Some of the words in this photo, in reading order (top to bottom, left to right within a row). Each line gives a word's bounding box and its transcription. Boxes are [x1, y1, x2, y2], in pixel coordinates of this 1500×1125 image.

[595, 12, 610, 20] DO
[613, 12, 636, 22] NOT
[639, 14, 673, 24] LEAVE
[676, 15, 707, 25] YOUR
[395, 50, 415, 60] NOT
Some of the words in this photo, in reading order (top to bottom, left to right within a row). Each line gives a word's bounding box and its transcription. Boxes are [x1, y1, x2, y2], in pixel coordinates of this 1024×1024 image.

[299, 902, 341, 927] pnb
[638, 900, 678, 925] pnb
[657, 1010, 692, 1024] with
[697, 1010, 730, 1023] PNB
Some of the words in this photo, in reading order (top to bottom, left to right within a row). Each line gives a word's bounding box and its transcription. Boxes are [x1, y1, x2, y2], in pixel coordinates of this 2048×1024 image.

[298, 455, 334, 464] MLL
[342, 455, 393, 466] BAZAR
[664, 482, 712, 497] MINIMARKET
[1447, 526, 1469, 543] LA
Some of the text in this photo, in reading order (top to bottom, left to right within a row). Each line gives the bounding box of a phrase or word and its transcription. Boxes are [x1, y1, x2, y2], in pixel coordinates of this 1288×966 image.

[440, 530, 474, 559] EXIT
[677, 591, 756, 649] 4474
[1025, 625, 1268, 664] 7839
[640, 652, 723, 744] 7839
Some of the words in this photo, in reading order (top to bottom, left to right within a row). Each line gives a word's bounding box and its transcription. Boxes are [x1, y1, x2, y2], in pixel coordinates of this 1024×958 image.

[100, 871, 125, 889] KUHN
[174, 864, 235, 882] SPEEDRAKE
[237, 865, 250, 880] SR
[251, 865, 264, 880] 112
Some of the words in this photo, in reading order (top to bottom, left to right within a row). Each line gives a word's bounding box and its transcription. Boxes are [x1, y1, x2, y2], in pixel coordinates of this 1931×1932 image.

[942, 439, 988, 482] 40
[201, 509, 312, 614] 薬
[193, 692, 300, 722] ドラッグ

§ REQUIREMENT:
Each of the records should be retyped exactly.

§ ANSWER BELOW:
Some of the words in this photo, in reading order (top to bottom, left to right within a row). Each line gives a word's bounding box and its transcription. Boxes are [x1, y1, x2, y2], in pixel coordinates of this 1500×1125 image.

[595, 12, 610, 20] DO
[613, 12, 636, 22] NOT
[639, 14, 673, 24] LEAVE
[676, 15, 707, 25] YOUR
[395, 50, 415, 60] NOT
Some of the words in this photo, in reading order (top to bottom, left to right within a row). Each line gives a word's bounding box and its transcription. Boxes are [x1, y1, x2, y2], in pixel coordinates of this 1024×1024 image.

[299, 902, 341, 927] pnb
[638, 900, 678, 925] pnb
[657, 1010, 692, 1024] with
[697, 1010, 730, 1023] PNB
Some of the words in this photo, in reading order (top to bottom, left to right within a row). Each line gives a word's bounding box and its transcription. Boxes are [x1, y1, x2, y2], in pixel coordinates of this 2048×1024 image.

[298, 455, 334, 464] MLL
[342, 455, 393, 466] BAZAR
[664, 482, 712, 497] MINIMARKET
[1447, 526, 1469, 543] LA
Some of the text in this photo, in reading order (top to bottom, left to right within a row). Each line gives the bounding box of a phrase or word and its transcription. Boxes are [x1, y1, x2, y2], in pixel coordinates of this 1288×966 image.

[440, 530, 474, 559] EXIT
[677, 591, 756, 649] 4474
[1025, 625, 1268, 664] 7839
[640, 652, 723, 744] 7839
Some of the words in this photo, in reading order (top to bottom, left to right within a row). Each line gives a word's bounding box and its transcription. Boxes are [x1, y1, x2, y2], in pixel coordinates of this 1024×958 image.

[100, 871, 125, 889] KUHN
[174, 864, 235, 882] SPEEDRAKE
[237, 865, 250, 880] SR
[251, 865, 264, 880] 112
Some of the words in this photo, in reading order (top to bottom, left to right within a row). Each line gives a word's bounding box and its transcription. Boxes are [x1, y1, x2, y2], in pixel coordinates of this 1931×1932 image.

[942, 439, 988, 482] 40
[201, 509, 312, 614] 薬
[193, 692, 300, 722] ドラッグ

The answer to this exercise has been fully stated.